Observations: In this dataset: - SUV’s are most numerous, followed by compact and midsize - There are very few 2seater vehicles - pickup’s and SUV’s tend to have 4 wheel drive - compact’s and midsize tend to have f drive - All the 2seater vehicles are r drive

Compare v1 and v2:

  • Which visualization—v1 or v2—enabled you to make more observations?
    • v2 enabled me to make more observations
  • What was the difference between v1 and v2?
    • v1 showed the same variable class using two aesthetics
    • v2 showed two variables class and drv using two aesthetics

18.3.2 q4 Fix this plot

The following code has a bug; it does not do what its author intended. Identify and fix the bug. What does the resulting graph tell you about the relation between manufacturer and class of cars in this dataset?

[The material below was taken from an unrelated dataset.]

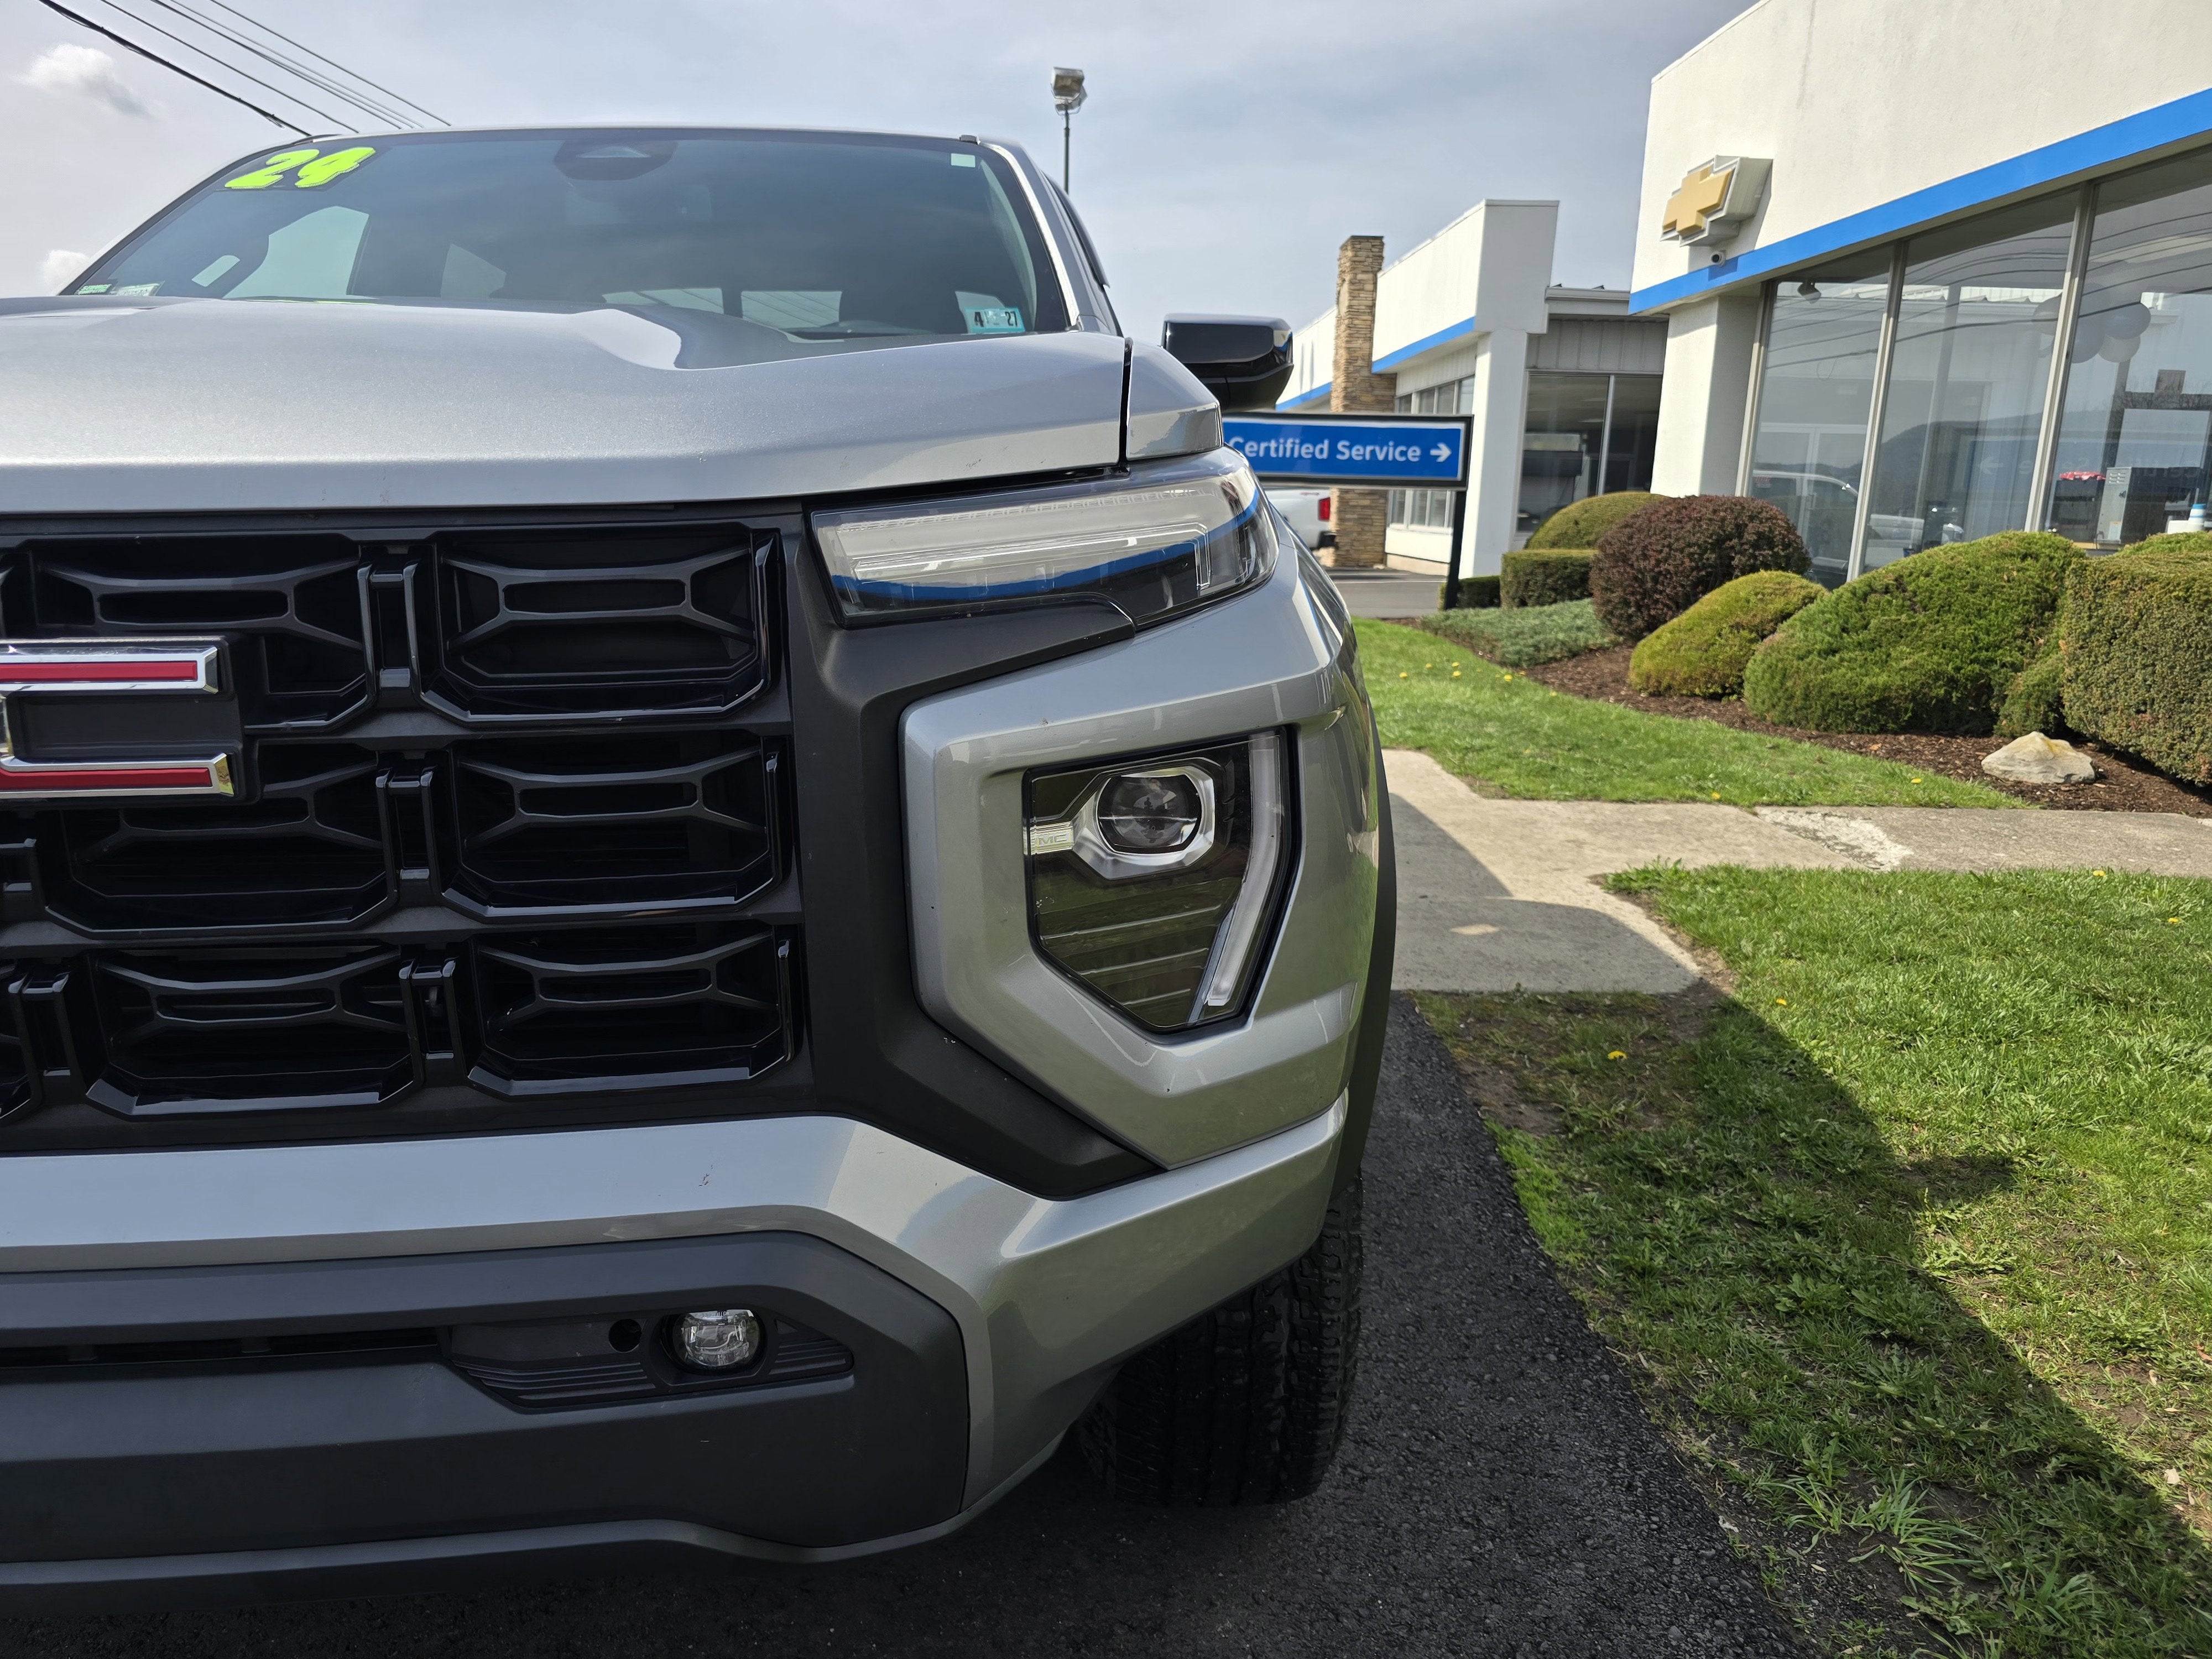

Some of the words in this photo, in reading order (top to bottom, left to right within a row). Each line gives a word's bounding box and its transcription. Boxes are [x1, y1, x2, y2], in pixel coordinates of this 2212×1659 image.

Note: I use a theme() call to rotate the x-axis labels. We’ll learn how to do this in a future exercise.

mpg %>%
  ggplot(aes(x = manufacturer, fill = class)) +
  geom_bar(position = "dodge") +
  theme(axis.text.x = element_text(angle = 270, vjust = 0.5, hjust = 0))

Observations - Certain manufacturers seem to favor particular classes of car. For instance, in this dataset: - Jeep, Land Rover, Lincoln, and Mercury only have suv’s - Audi, Toyota, and Volkswagen favor compact - Dodge favors pickup

18.4 A bit on facets

Sometimes there’s just too much data to fit a set of bars on one chart. In this case, it can be wise to separate the plot into a set of small multiples, often by grouping the data on a third (or fourth) variable.

For small multiples, we can use the functions facet_wrap() or facet_grid(). facet_wrap() takes just one variable,

## NOTE: Do not edit this
tibble(
  a = c(1, 2, 1, 2),
  b = c(3, 1, 2, 2),
  c = c("a", "a", "b", "b")
) %>% 
  ggplot(aes(x = a, y = b)) +
  geom_col() +
  facet_wrap(~c)

facet_grid() allows us to specify a column for horizontal and/or vertical faceting, so we can provide up to two. Here’s a lineup of examples:

## NOTE: Do not edit this
# Horizontal facets
tibble(
  a = c(1, 2, 1, 2),
  b = c(3, 1, 2, 2),
  c = c("a", "a", "b", "b")
) %>% 
  ggplot(aes(x = a, y = b)) +
  geom_col() +
  facet_grid(~c)

# Vertical facets
tibble(
  a = c(1, 2, 1, 2),
  b = c(3, 1, 2, 2),
  c = c("a", "a", "b", "b")
) %>% 
  ggplot(aes(x = a, y = b)) +
  geom_col() +
  facet_grid(c ~ .)

# Two-way faceting
tibble(
  a = c(1, 2, 1, 2, 1, 2),
  b = c(3, 1, 2, 2, 3, 1),
  c = c("a", "a", "b", "b", "a", "a"),
  d = c("a", "a", "a", "a", "b", "b")
) %>% 
  ggplot(aes(x = a, y = b)) +
  geom_col() +
  facet_grid(c ~ d)

In general, if you have just one variable to facet on, you can use facet_wrap() as a default. If you want more control and options over your faceting, use facet_grid(). We’ll talk more about facets in a future exercise.

18.4.1 q5 Improve this plot

The following graph is hard to read. Experiment with other choices of faceting to make the visual more convenient to read.

mpg %>%
  ggplot(aes(x = cyl)) +
  geom_bar() +
  facet_wrap(~ manufacturer)